• About this task
Copy out again, unchanged, the line that contains "this 1754×1171 image." and every line after it down to the last line of the data.

** Study material follows **

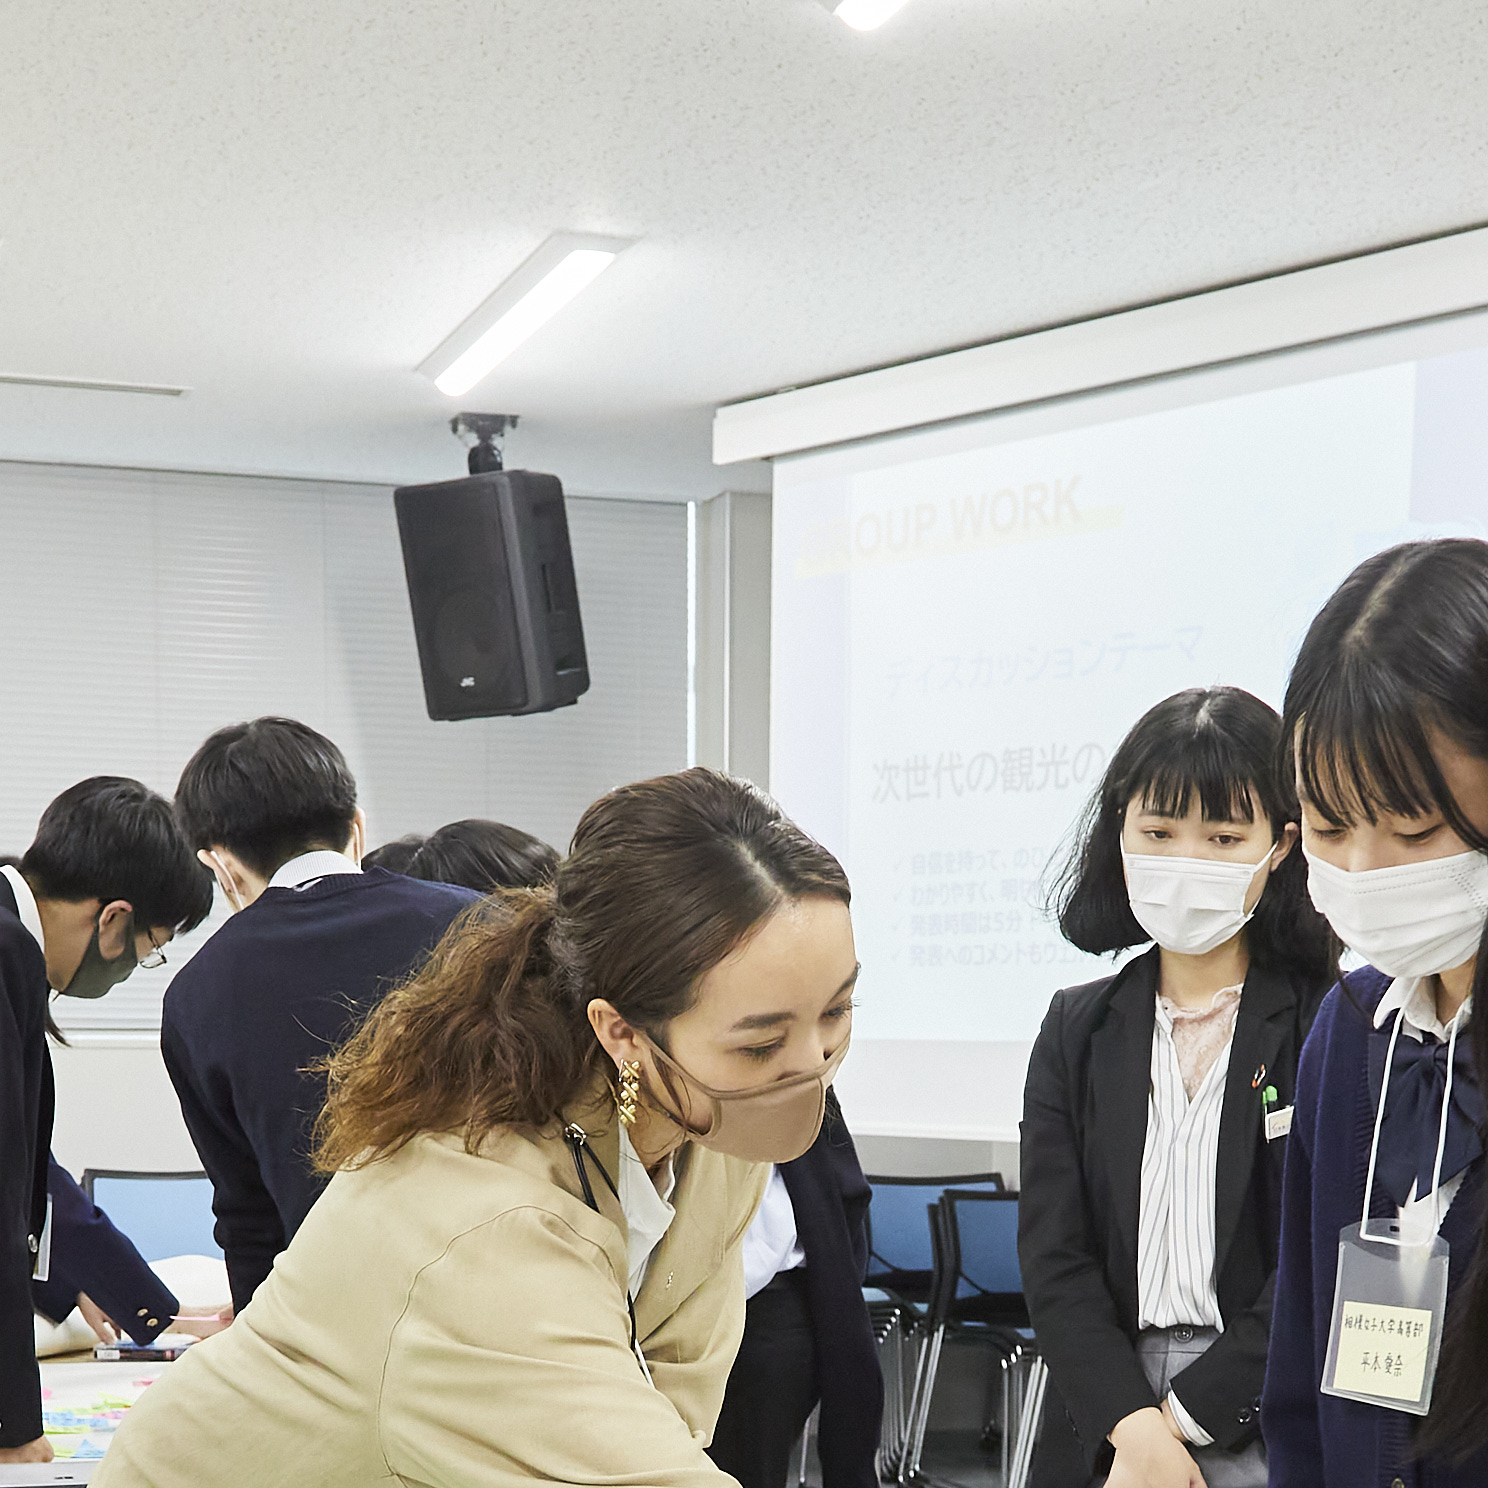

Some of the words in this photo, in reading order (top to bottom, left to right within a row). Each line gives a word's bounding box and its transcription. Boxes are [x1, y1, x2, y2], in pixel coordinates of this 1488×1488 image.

[950, 474, 1083, 538] WORK
[884, 625, 1204, 698] ディスカッションテーマ
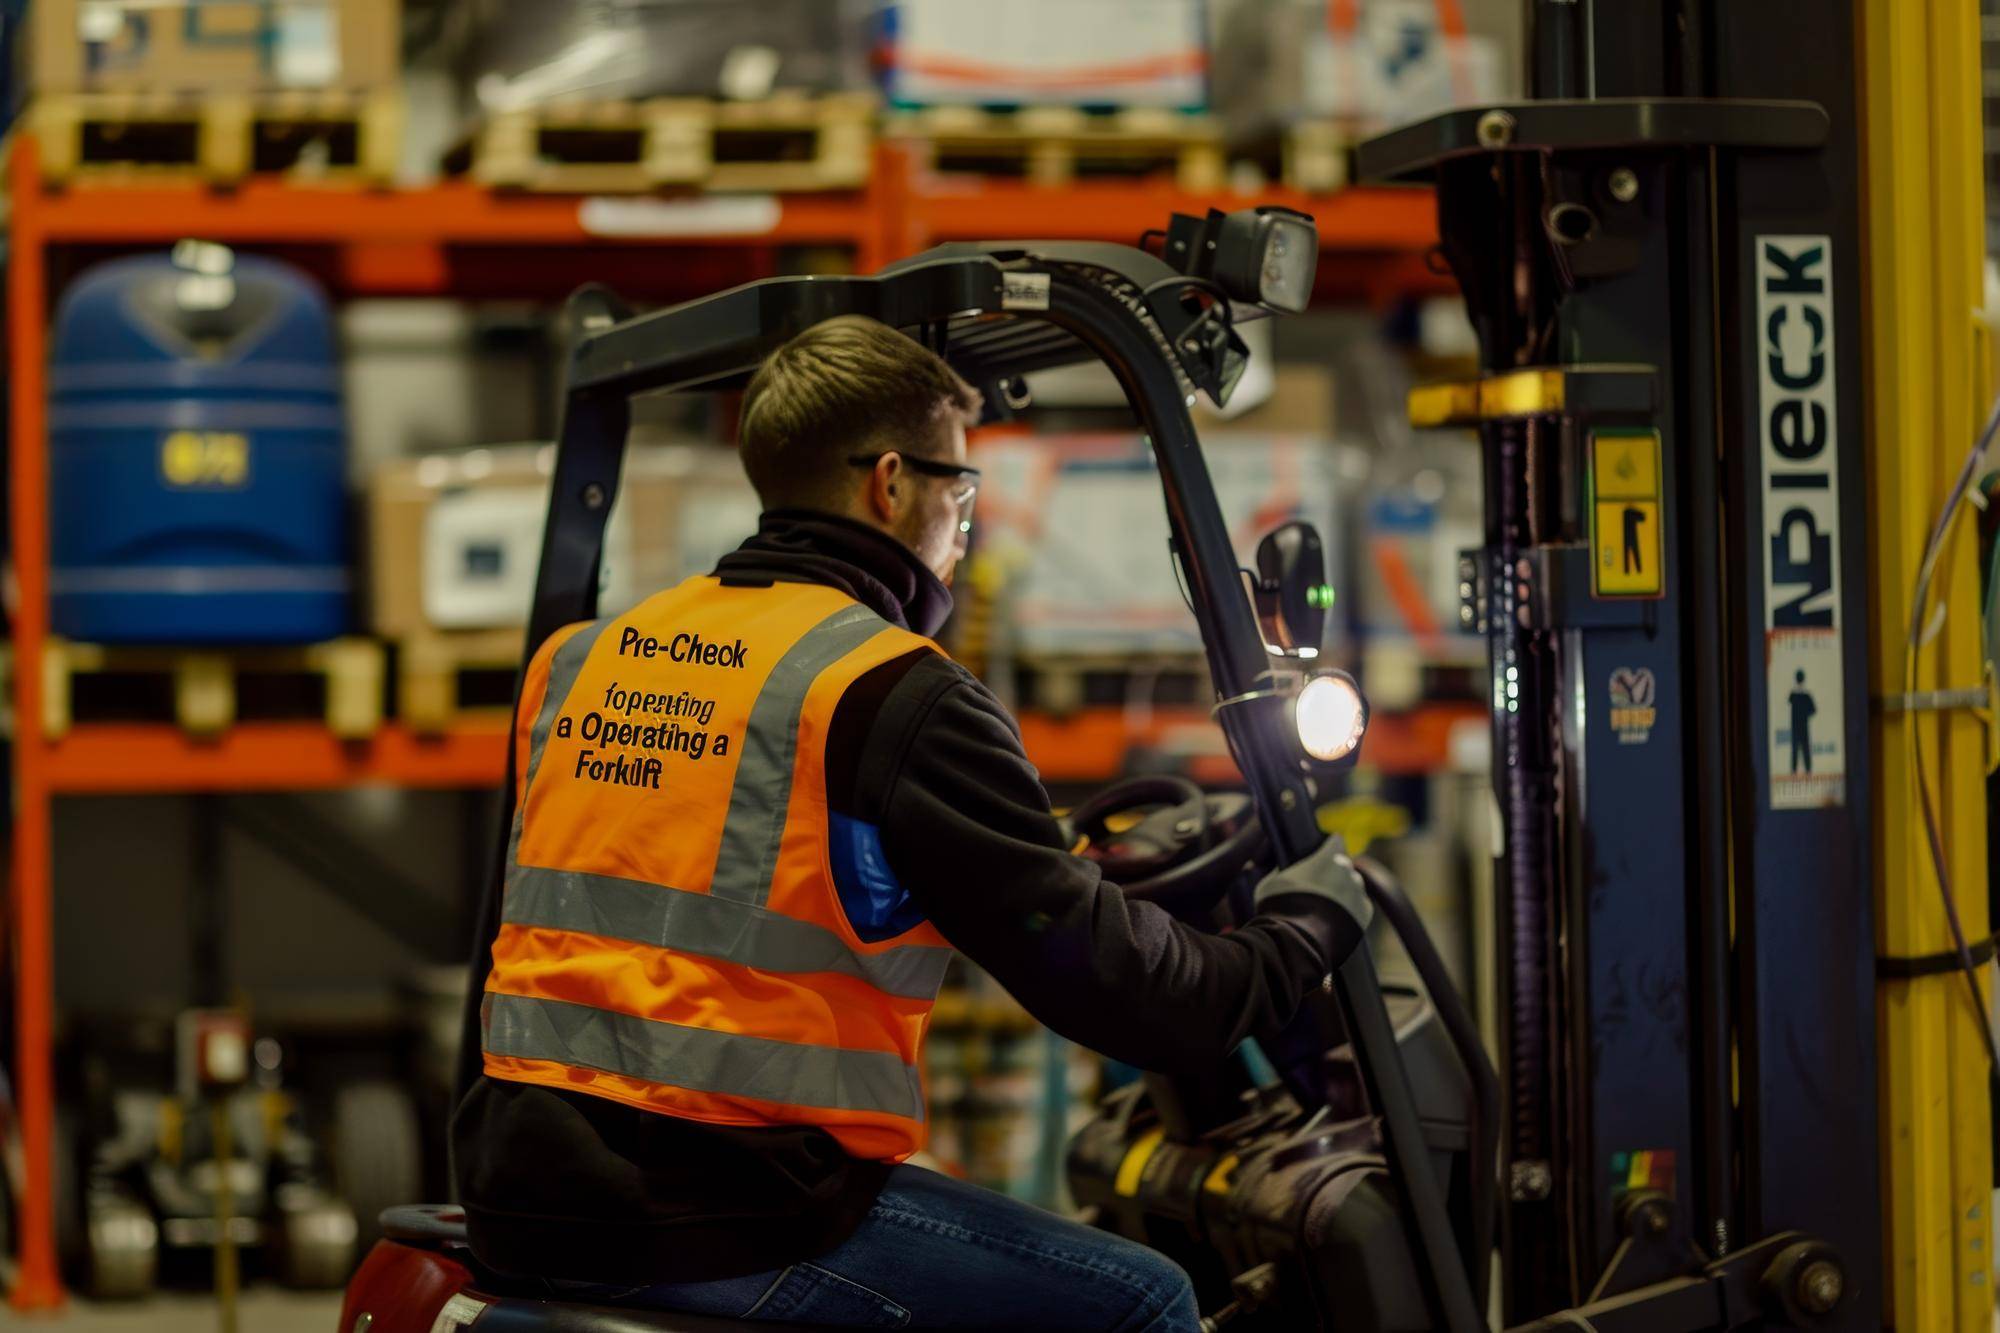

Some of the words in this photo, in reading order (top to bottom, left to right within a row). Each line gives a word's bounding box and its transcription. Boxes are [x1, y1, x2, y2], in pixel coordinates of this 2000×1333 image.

[556, 717, 573, 738] a
[581, 712, 707, 759] Operating
[712, 735, 729, 756] a
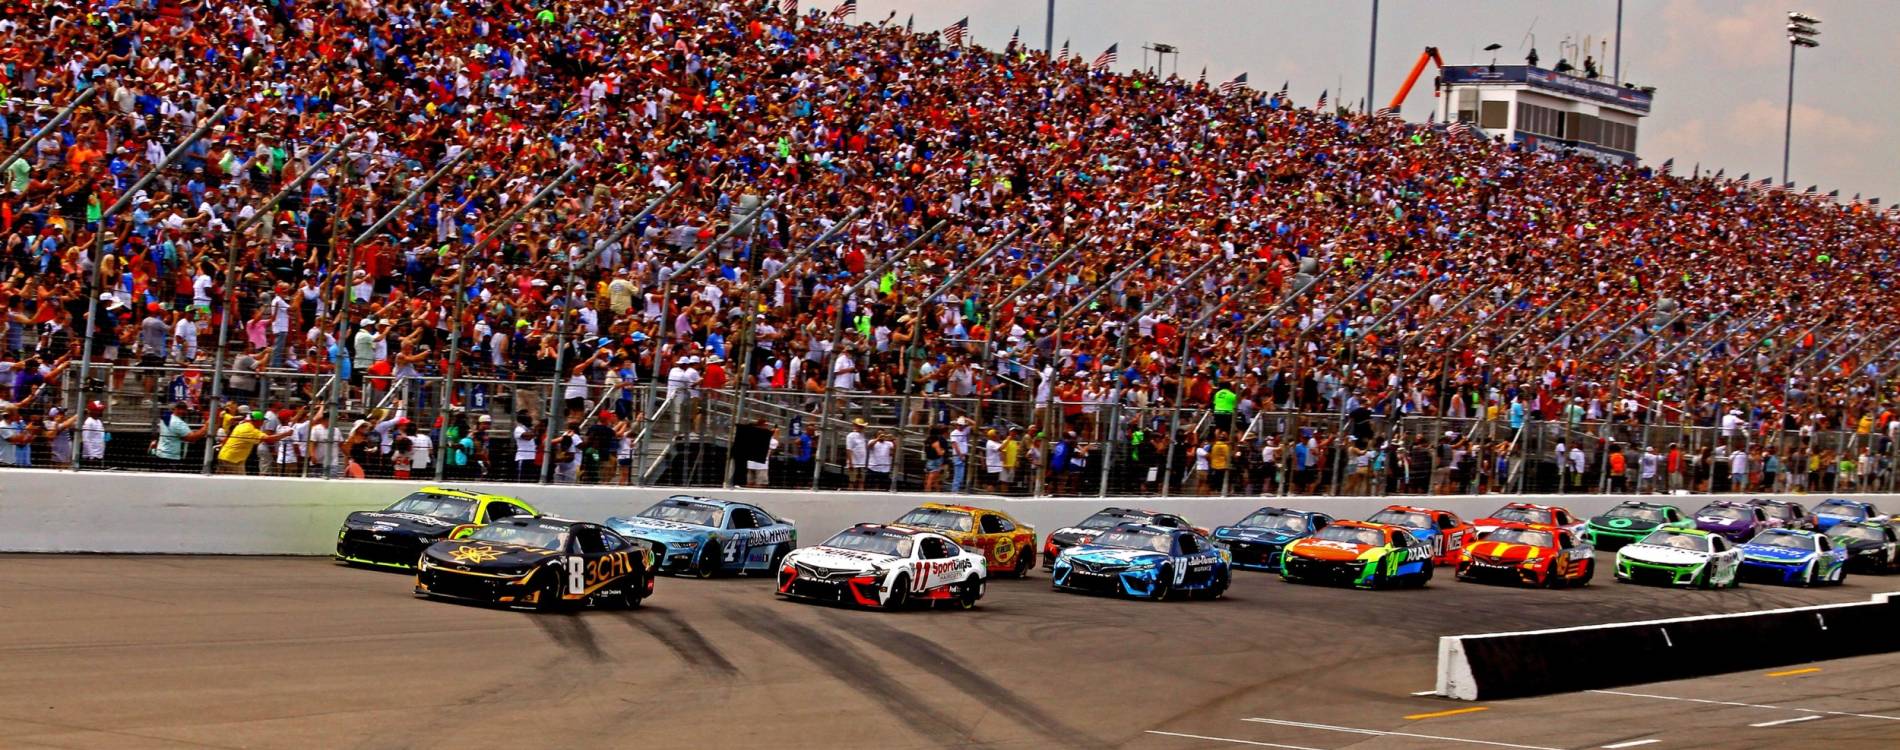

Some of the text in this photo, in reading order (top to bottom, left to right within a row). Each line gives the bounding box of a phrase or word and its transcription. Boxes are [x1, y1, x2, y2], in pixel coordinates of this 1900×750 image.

[723, 533, 740, 562] 4
[568, 556, 584, 594] 8
[912, 561, 931, 592] 11
[1172, 556, 1188, 585] 19
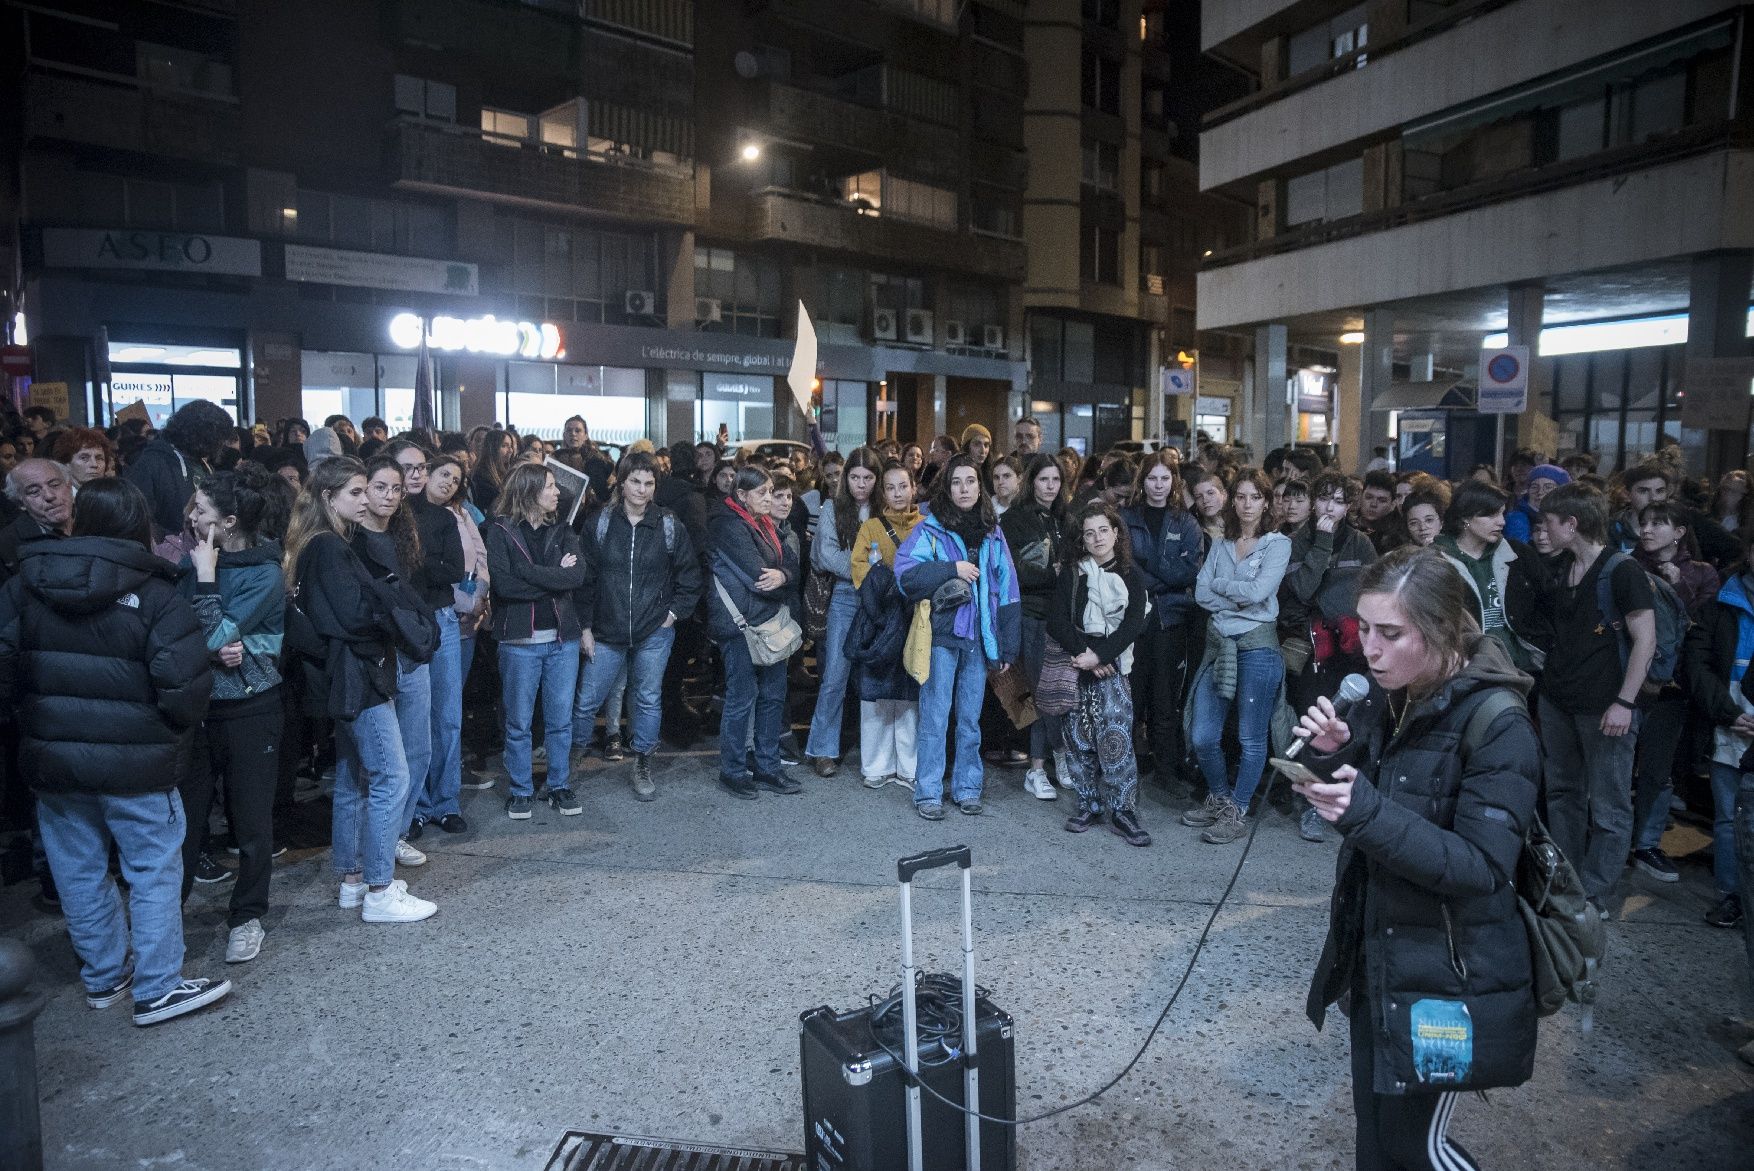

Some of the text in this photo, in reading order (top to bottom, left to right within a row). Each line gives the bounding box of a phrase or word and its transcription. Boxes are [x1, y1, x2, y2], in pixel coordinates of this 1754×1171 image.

[692, 349, 705, 362] de
[706, 352, 742, 365] sempre,
[743, 353, 770, 367] global

** End of Study material **

• Reply to the task
Some of the text in this photo, in reading order (top to bottom, left to right within a row). Each line gives the bounding box of a phrase or word and its transcription. Boxes are [x1, y1, x2, y2], in pixel coordinates of this 1754×1171 image.

[692, 349, 705, 362] de
[706, 352, 742, 365] sempre,
[743, 353, 770, 367] global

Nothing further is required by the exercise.